Tuesday, 12 October 2010

The Number 109 Route

Tuesday 12 October 2010

Linda, Mary and I were on our way by 10.10, on this sunny morning, on a bus that was going to take us straight to Croydon.  By straight, I mean that the driver barely had to turn his wheel until we we were manoeuvring round central Croydon. We passed Brixton Station, and thought how the Victoria Line had revolutionised transport in this part of South London since its opening in 1971. (The fact that it was first proposed in 1948 is a reminder of how patient one needs to be when public projects are in consideration)

  Soon we reached Windrush Square, handsomely renovated in the past few years, with the Ritzy cinema and the Richard Budd Memorial.  Some of the houses along Brixton Hill have handsome tiling ornamenting them and, as we moved towards Streatham, we noticed that they are set well back from the road, allowing a bit of breathing space for the residents.  We were sorry to see that the Telegraph Pub is now boarded up, quite possibly as a result of a dispute between the owners and the Licensing Committee.
As on previous journeys, we were puzzled about Alexander Dumas House and, as on previous occasions, we have been unable to discover why a large building which houses, among other things, a pharmacy, should be named for the great novelist.  It is a little hard to imagine him inventing the Count of Monte Cristo and the Three Musketeers here.

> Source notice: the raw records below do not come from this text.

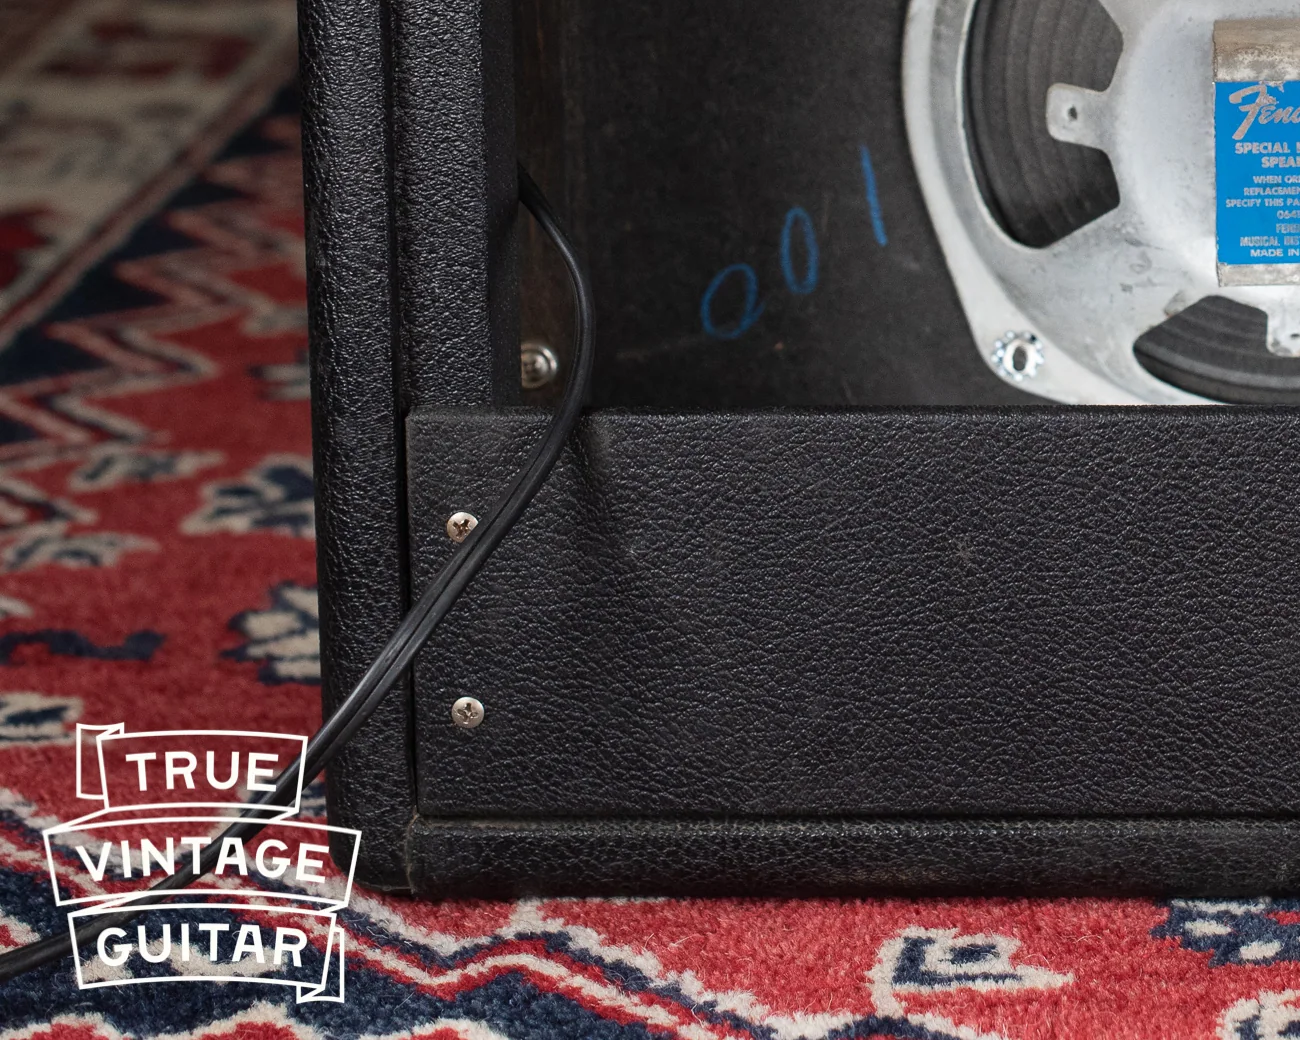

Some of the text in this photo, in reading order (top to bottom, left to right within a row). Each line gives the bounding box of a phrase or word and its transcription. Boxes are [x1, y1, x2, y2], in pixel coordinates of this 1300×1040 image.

[1235, 142, 1290, 154] SPECIAL
[1253, 175, 1282, 184] WHEN
[1225, 198, 1261, 208] SPECIFY
[1264, 198, 1286, 207] THIS
[1240, 236, 1281, 247] MUSICAL
[1250, 248, 1284, 258] MADE
[1287, 248, 1300, 257] IN

We admired not only a 'ghost' Bovril wall advertisement, but also Sharman's, which we understand to have been a clothes shop before it became a WH Smith.  But it is sad to see both the Megabowl and the cinema closed.  It was with relief that we were able to note that the skating rink is still open.  Our route was taking us past both Streatham Hill and Streatham Stations, and then into Norbury.

The Viola McAnuff Memorial Fund, one of whose shops we passed, was a reminder of what individuals and their families can do, and we also passed the Employment Tribunal which was, you might say, a reminder of what some individuals choose to do to others.  We noted that Age UK Headquarters were already signed with their new title, logo, etc, though we were not entirely sure what had been wrong with 'Age Concern' as a title.

Meanwhile, we had been looking out for interesting food outlets:  The Baltic Staff Food Store, which is apparently Lithuanian, a butcher referencing the HMC, or Halal Monitoring Committee and then the Bunga Raya Restaurant 'spend a little, savour a lot'.

As we came to Thornton Heath Pond, we regretted yet again that it is only a bus stop and not a water feature.  And we were inspected.  This is the first ime that this has happened to us for months, and seems to us to indicate a lack of trust in the driver, unless of course you are on a bendy bus (or 'free bus' as they are sometimes known) We passed the Mayday hospital and the Thornton Heath Mosque as well as a block of flats with a metalwork tree up the outside of it, close to West Croydon Station.  We were interested in the Sunshine Tropical Delivery van:  we've all enjoyed ackee, but were puzzled by 'baba roots'; it proves to be a drink.

A right turn, our first turn of any kind since leaving Brixton, brought us onto the inner ring of Croydon, to pass one of the entries to the Whitgift Shopping Centre, as well as noting a pretty frightening bit of cycle lane.  Croydon has already planted excellent yellow pansies in its roadside baskets ready for the winter. We agreed that we should be sad if these spots of brightness were to vanish because of 'the cuts'.  Then we were past the Headquarters of the Border Agency, a reminder of how many unaccompanied asylum seeking children there are in the care of Croydon Council.  The final landmark was the HQ of Nestle (don't worry, I'm not going to make any comment at all) before we arrived at the terminating point of this nippy bus, less than an hour after leaving Brixton.

The driver, to whom we gave a card, was amused, and said he had always wanted to get on one bus to the end of a route, then another, then another. He had been a very pleasant driver, waiting for people running to catch him, but still keeping to his time.

1 comment:

  1. P.S. A salute to Maggi Hambling's 'Heron' weather-vane, the latest addition to Brixton's skyline, which we spotted on our return journey (Route 250) but which is perfectly visible from the 109 and worth looking out for.